Rondebosch Common: The Book

Self-published in 2008 by the Friends of Rondebosch Common, the book Rondebosch Common showcases the artwork of the flora and fauna of Rondebosch Common as captured by the late Betty Bowker-Dwight.

Together with the exquisite paintings by Betty Dwight, the committee wanted to capture significant information about the Common, in essence a snapshot of Rondebosch Common at the start of the 21st century. Thus the book includes sections completed by various expert authors on the history, flora, fauna and conservation of Rondebosch Common. The foreword of the book is written by the late Professor Kader Asmal, long-term patron of the Friends of Rondebosch Common.

The history of the Common is written by Joanne Eastman, who has given many years of service as secretary and project manager of the Friends. Botanist and botanical advisor to the Friends, Dr Clive McDowell, writes about the flora of the Common, contextualising the Common’s ecological home within the wild landscapes of the Cape Peninsula.

Patrick Hurly, author of the “Birds” section of the Rondebosch Common book, has recently retired after many years of devotion to oversee the Common’s environmental maintenance work. Emeritus Associate Professor Jenny Jarvis writes about moles and other small mammals.

Dr James A. Harrison highlights the important role that reptiles and amphibians play in the ecology of the Common, and the conservation challenges that they face. Norman Larsen and Emeritus Associate Professor Mike Picker take us on a journey to meet the smaller creatures of the Common, namely the insects and arachnids, offering extraordinary insights into their fascinating ecology.

In Chapter 4 of the Rondebosch Common book, Julia Wood and Professor Patricia Holmes take us on a deep dive into the conservation importance of the Rondebosch Common Conservation Area as a core flora site within the City of Cape Town. They eloquently highlight why this much-loved urban green space is worthy of protection so that it can be enjoyed by future generations, just as Betty Dwight so beautifully illustrated it.

We still have a few copies of the Rondebosch Common book for sale. If you would like to purchase a copy for R150 then please contact the Friends on

About the Author: Betty Bowker Dwight

Born in 1924, botanical artist Betty Dwight (née Bowker) dedicated her life to Rondebosch Common. The Rondebosch Common book was published in 2008 in celebration of Betty’s beautiful artwork, as well as to raise awareness of the Common’s importance and the need to conserve it.

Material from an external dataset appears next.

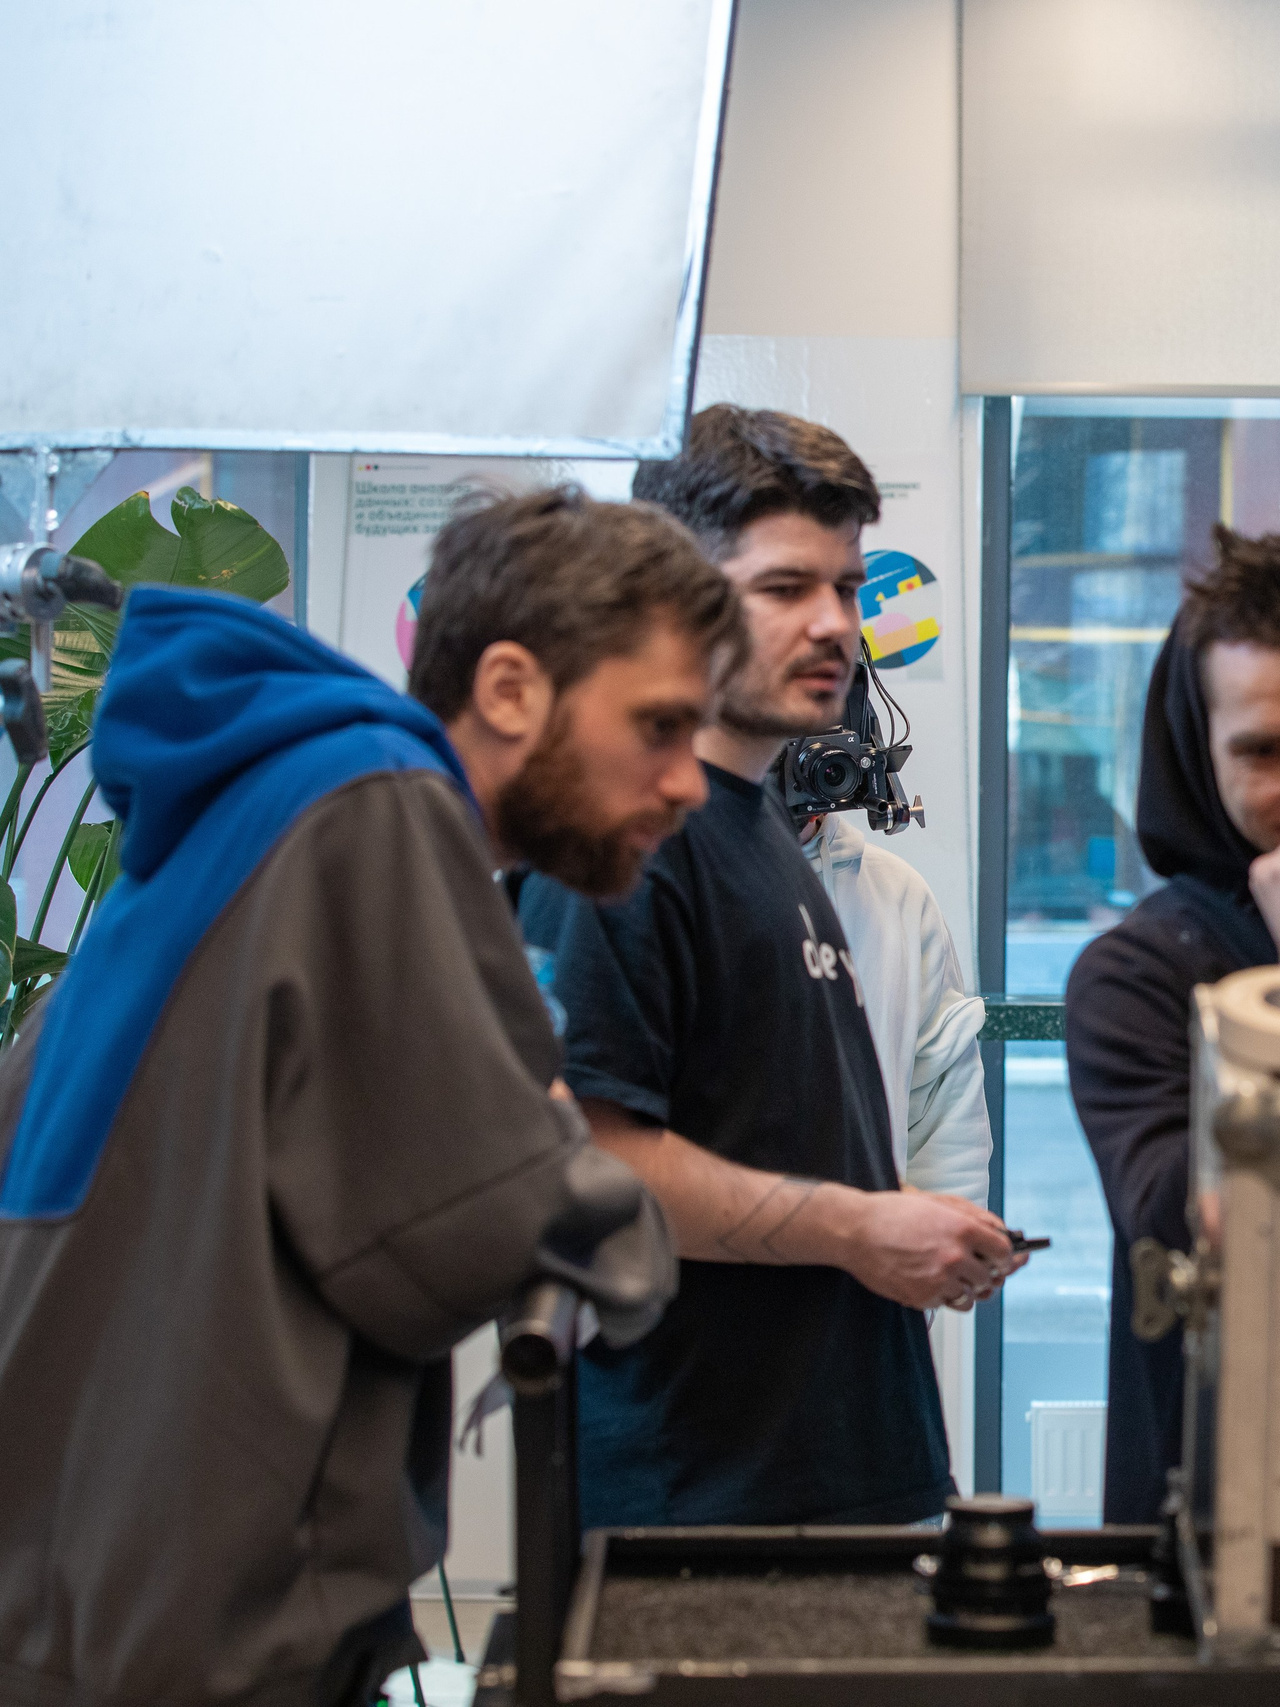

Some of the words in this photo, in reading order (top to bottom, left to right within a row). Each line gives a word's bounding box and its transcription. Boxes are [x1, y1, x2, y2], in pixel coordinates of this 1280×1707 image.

Growing up in Cape Town, Betty spent much of her childhood on the Common, playing with her sister or birdwatching with her father. Her senior education began at Rustenberg Girls’ High School before completing a year at Cape Town Technical College learning shorthand and typing.

Betty then went on to spend three years studying at the Podolini Art Studio in Dean Street, Gardens. In 1946 at the age of 21, she started work at Continental Artworks in Buitengracht Street, eventually becoming the company’s head artist.

In 1963 she gave up her job to care for her mother, once again enjoying walking on Rondebosch Common every day. One day her mother suggested: “Betty, why don’t you paint the flowers of the Common, just as your grandmother painted the flowers of Clifton?”

Betty worked hard to fulfil her mother’s wish over the intervening years, visiting the Common twice a day with her dog Bambi. Her earliest works were tiny paintings of individual flowers. By 1976 she started working on larger paintings that would depict the Common’s flora and fauna through the year.

By the middle of 1980 most of the works depicted in the Rondebosch Common book had been completed. A number of the paintings were reproduced as greeting cards which proved to be popular gifts and an effective fund-raiser. This gave FRC confidence to go ahead with Betty’s dream to have her art showcased in book form, with readers from Cape Town, South Africa and beyond able to enjoy this beautiful publication.